The resources a culture directs toward conflict can often predetermine the range of options it feels it has. Currently, the US spends more than $1T annually on its military, which is approximately equal to what the entire rest of the planet’s nation-states spend on their combined militaries, or about half the entire discretionary budget that Congress can spend (trust funds like Social Security are not discretionary). These funds are such an overwhelming commitment to militarism that they work their way into every aspect of our society, into every subsystem of our culture, and therefore each piece of society is more militarized.
Education is no exception. The direct influences are numerous, including the requirement that all schools receiving federal funding provide access to military recruiters. This is written into the No Child Left Behind Act that describes all the strings attached to funding education. Since education is mandatory age 5 or 6 either through high school or until age 16, 17, or more normally, 18, the vast majority of our youth are directly, by law, exposed to military recruiters. This is not only high school students. There are programs that bring the military into schools at almost every level, including even the Starbase program that brings the military into grade schools and brings elementary school children to military bases.
Other military influences on education are found in the curricula. History books focus far more on wars than on peace. Major DoD contracts are awarded to universities to do military research, which thus serves to set up a brain drain from the technical side away from civilian applications to military technologies. Often our finest young minds are seduced into exotic big-budget research into devising more sophisticated methods of murder instead of learning to combat cancers, AIDS, flus, heart disease, diabetes or other human health challenges.
Like the plumber confronting a flooded and damaged home due to broken pipes, the first step is not necessarily to bring in the brilliant new items, but to turn off the water main, to stop the flow of funding toward teaching destructive conflict management. Peace educators who are operating on a Marine base school find it generally harder to overcome debilitating disbelief in students compared to those who are teaching conflict resolution to Amish children or Costa Rican children who are surrounded by civil society that handles conflict without the heavy military presence.
Every term I teach approximately 150 new students and much of what I teach is counternarrative peace education to students who have been exposed to very little of it and who have instead been educated in our militaristic society. Each term many students express chagrin that they are only just learning conflict management techniques that they rightly feel should have been taught to them literally decades earlier.
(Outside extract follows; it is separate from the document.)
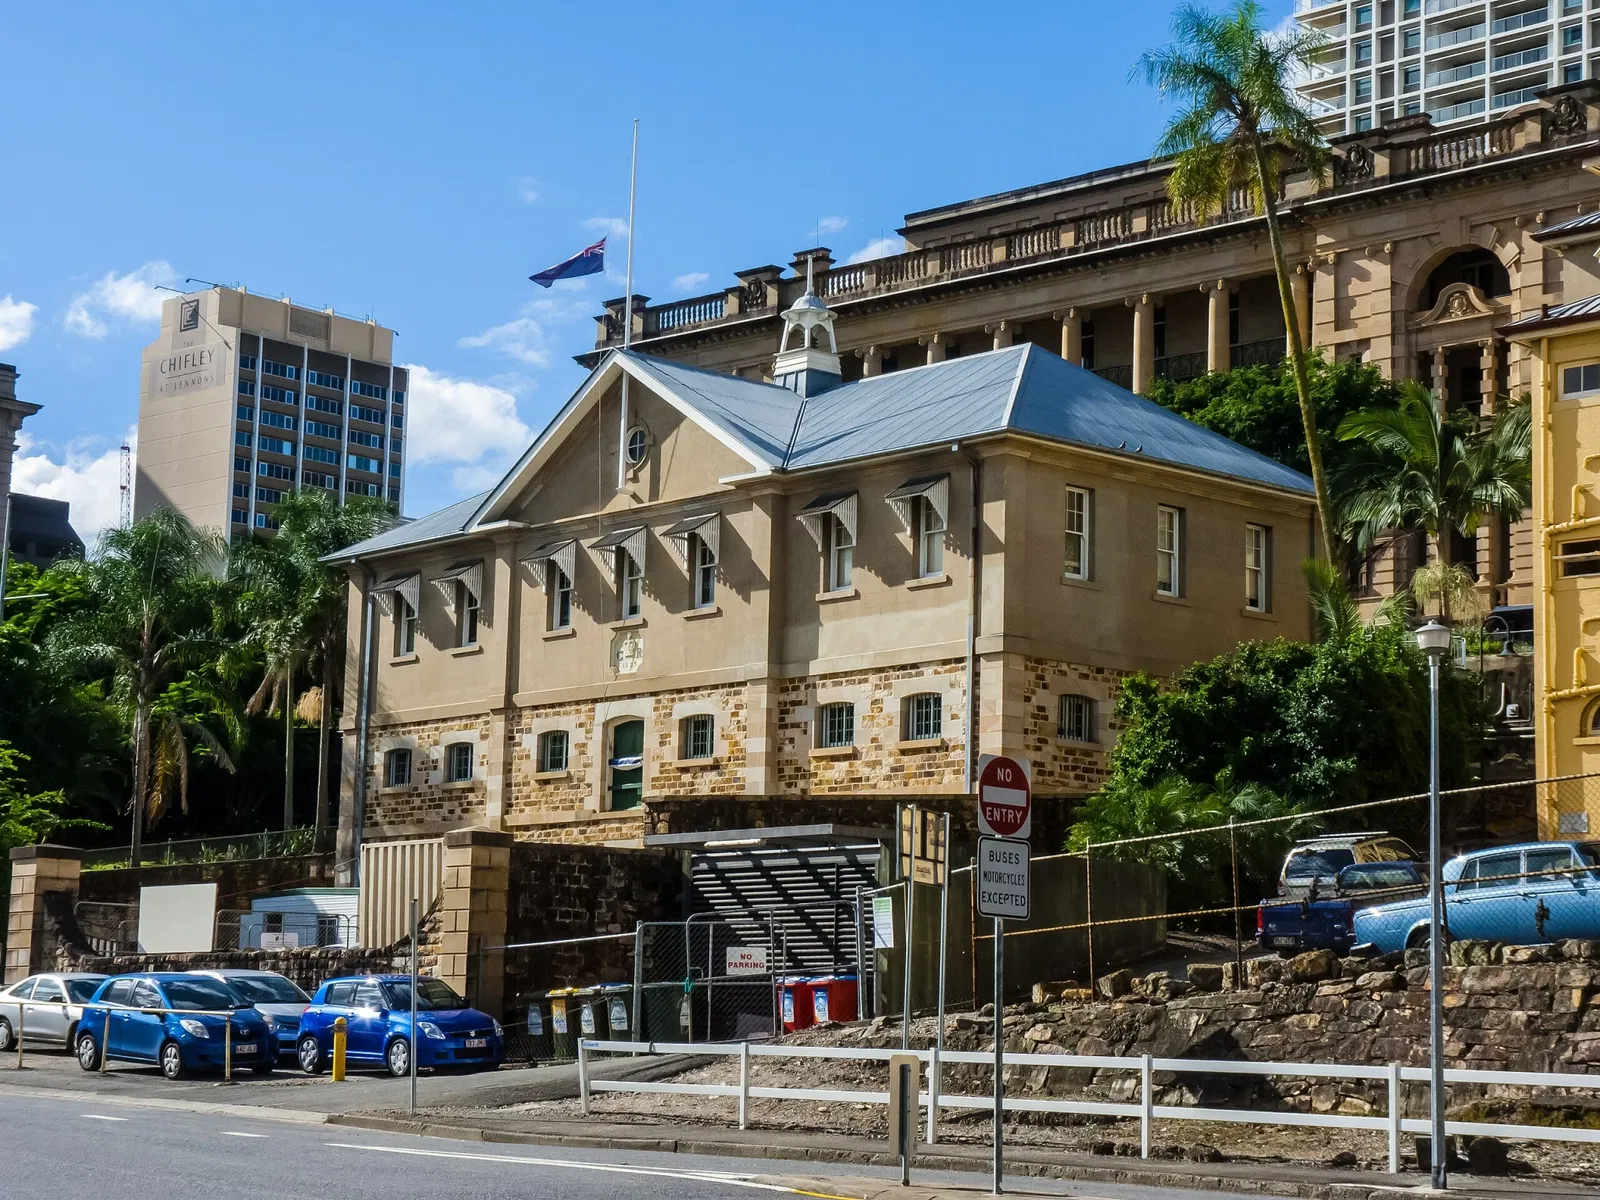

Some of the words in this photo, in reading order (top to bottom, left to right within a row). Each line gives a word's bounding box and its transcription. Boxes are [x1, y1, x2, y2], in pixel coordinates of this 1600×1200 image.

Like other peace educators, my teaching begins with the assumption that we can learn the hypothetical methods of constructive conflict management, and then we proceed to the principles and self-reflection practices that introduce students to an adaptive self-management model of conflict management processing. What they do, then, is learn how to learn to manage more and more of the conflicts in their lives in more constructive and less destructive ways. They love it and they know they can use it forever.
Then I imagine all colleges and universities requiring students to take even one such course, then all high schools, and so forth. The skill levels would escalate, the engaged and informed public would see the dysfunction of our “do you want to bomb someone or do nothing?” false dichotomy, and we would expect a slow turnaround in the norms that lead to so much armed conflict. We would expect more depth of analysis from our mainstream media and we would get it as more and more journalists would enter the field understanding the dynamics and methods of constructive conflict management.
So when I tell classrooms full of my students that they are the seed crops, I get nodding heads of understanding. They know they can change mores, norms and practices. They develop an inevitable sense of human agency.
Eventually, peace education can be crucial to ending war. Our students will make it so as they become the leaders and policymakers.
References
Harris, Ian M., and Mary Lee Morrison (2003). Peace Education (2nd ed.) Jefferson NC: McFarland & Company.